"Todd's 'Foods To Avoid!': The 2006 Edition!"
Okay, okay, I admit, I haven't done a 2005 Edition of "Foods To Avoid!", but just go with me on this one. I've ate a wide variety of foods that were not only tasty, but also apparently revolting to my Digestive System, and heeerrreeee weee gooooo!!!
1.) Buffalo Wings: Ah, Buffalo Wings: Sweet, Delectable, Tasty (and sometimes Tangy) little chicken legs dipped in a delicious sauce named from it's city of origin: Buffalo, New York. Now I'm not saying these things aren't delicious or a good snack every now and again, but they don't go well with Beer, and since they're served largely in Sports Bars with a side of Celery, it's a powder-keg of Flatulence served up by the Dozen. First off, the dipping sauces are mainly known to be Ranch or Blue Cheese Dressing, and we all know what those are, don't we? Dairy Products. Now, let's combine all four of these elements: Alcohol, Spice, Grease and Dairy.
I'm pretty sure that's what many would describe this as a "Molotov Cocktail" in your stomach; waiting until you're in your fourth hour of REM sleep until it erupts with a quality of diarrhea that can only be aquired from the water in third-world countries such as India and Mexico. The first warning sign is, of course, "The Gurgles". Now you face the dilemma of getting from your bed to the toilet without letting a couple pints of fluid stain your carpet, don't you? Well, if this ever happens to you, as you're sitting on the toilet losing seven pounds of fluid through (hopefully) only one orifice of your body, you'll probably be thinking, "Aw crap, Todd wasn't kidding!"
How do you resolve this genocidal conflict in your bowels without employing tactical nuclear warheads and sanctions from the UN? Don't eat the celery, since it's mostly water and stringy; eat carrots or apples and drink lots of water before you go to bed. Why? Because the carrots or apples will absorb most kinds of acid, and the water will, well, water-down the grease, spice and alcohol to normal levels and allow you to sleep in comfort. Trust me on this, people...
2.) Jalepeno Poppers: Here's another example of violent internal combustion waiting to happen. You're sitting in the Bar and looking at the dirty, spittle-covered menu of "Appetizers", thinking, "Hey, I've never had Jalepeno Poppers before, maybe I should try something new!" Oh, you sad, lonely soul... you have no appreciation for the Mouth of Hell that you're opening, do you? Well, trust me, buddy, you will... oh sweet Jesus on a cracker... you will!
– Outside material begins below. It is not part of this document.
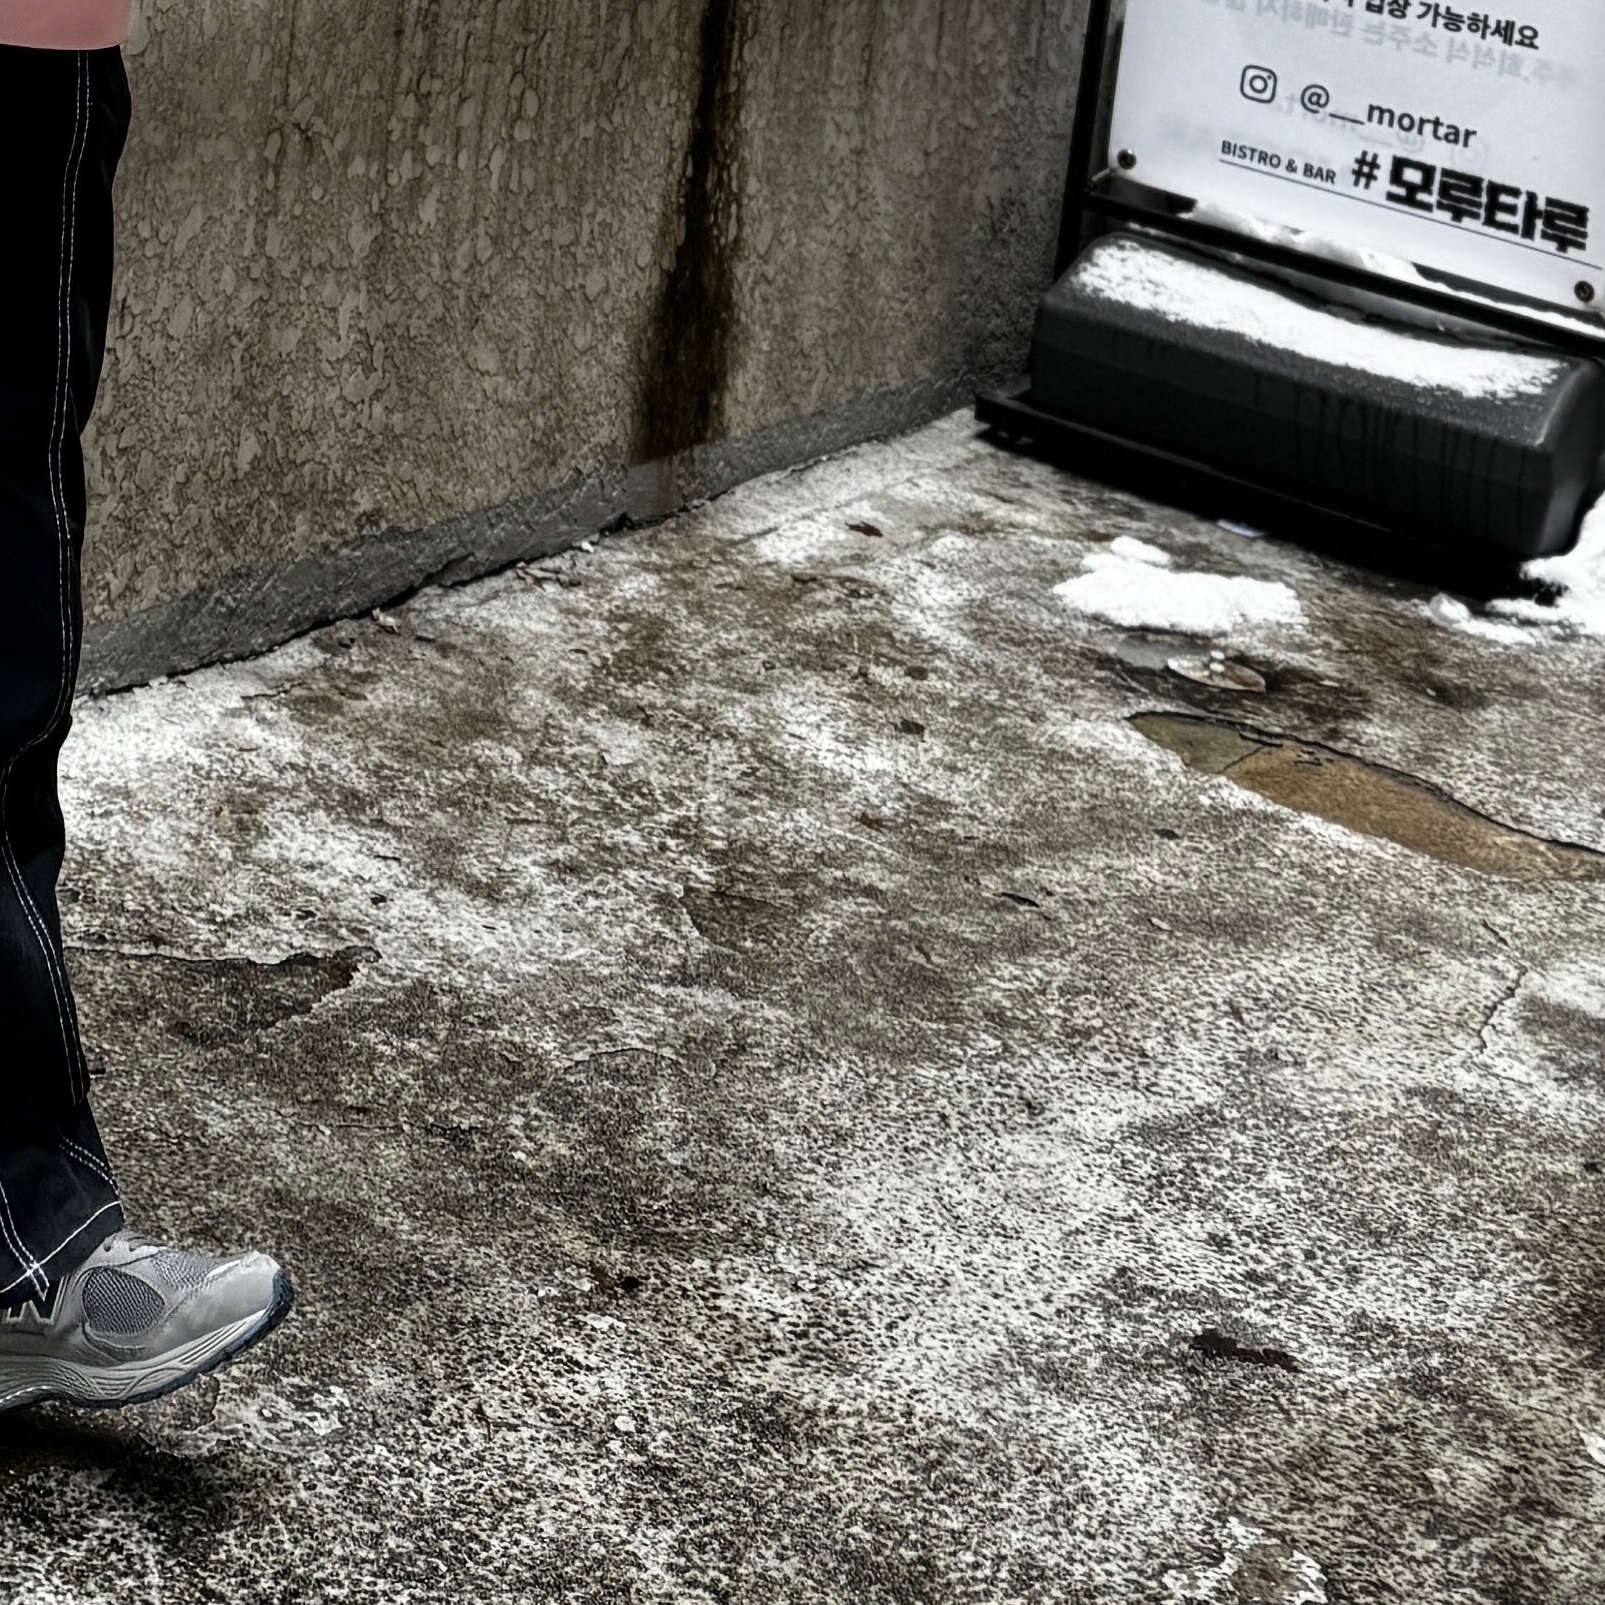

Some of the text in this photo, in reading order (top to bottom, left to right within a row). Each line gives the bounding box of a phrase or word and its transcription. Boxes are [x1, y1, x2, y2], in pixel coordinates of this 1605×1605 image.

As with the previous item of "Food" that I mentioned, lets talk about what these things are made out of: A hollowed-out Jalepeno Pepper stuffed with Cream Cheese that is then Deep-Fried. Here's where it gets sticky, people. You're eating one of the hottest peppers that you can find that is then pumped full of Gooey Dairy product and then, to put the icing on the cake... DEEP FRIED! This isn't a molotov cocktail we're talking about, folks, it's a damn Dirty Bomb! A road-side Improvised Explosive Device; a religious Jihad being waged, with your Descending Colon being the stupid American reporter that thought it was a good idea to ask the, "Nice guy over there under the 'Hamas' banner about his love for our Lord and Savior Jesus Christ."
How do you save yourself from the self-imposed isolation to the crapper that awaits you in mere hours? I don't know, really... I've tried, but I don't know how to stop the Paxil-level of negative side-effects that accompanies these things. Sure, they're delicious, but remember: Moderation is the key here. If you eat too many, you'll suffer for it... but, if you eat just a few you should be cool. This is the "Tequila Shot" of snack foods, ladies and gentlemen... a few won't really hurt you, but if you don't watch it and you consume more than you should you'll regret it.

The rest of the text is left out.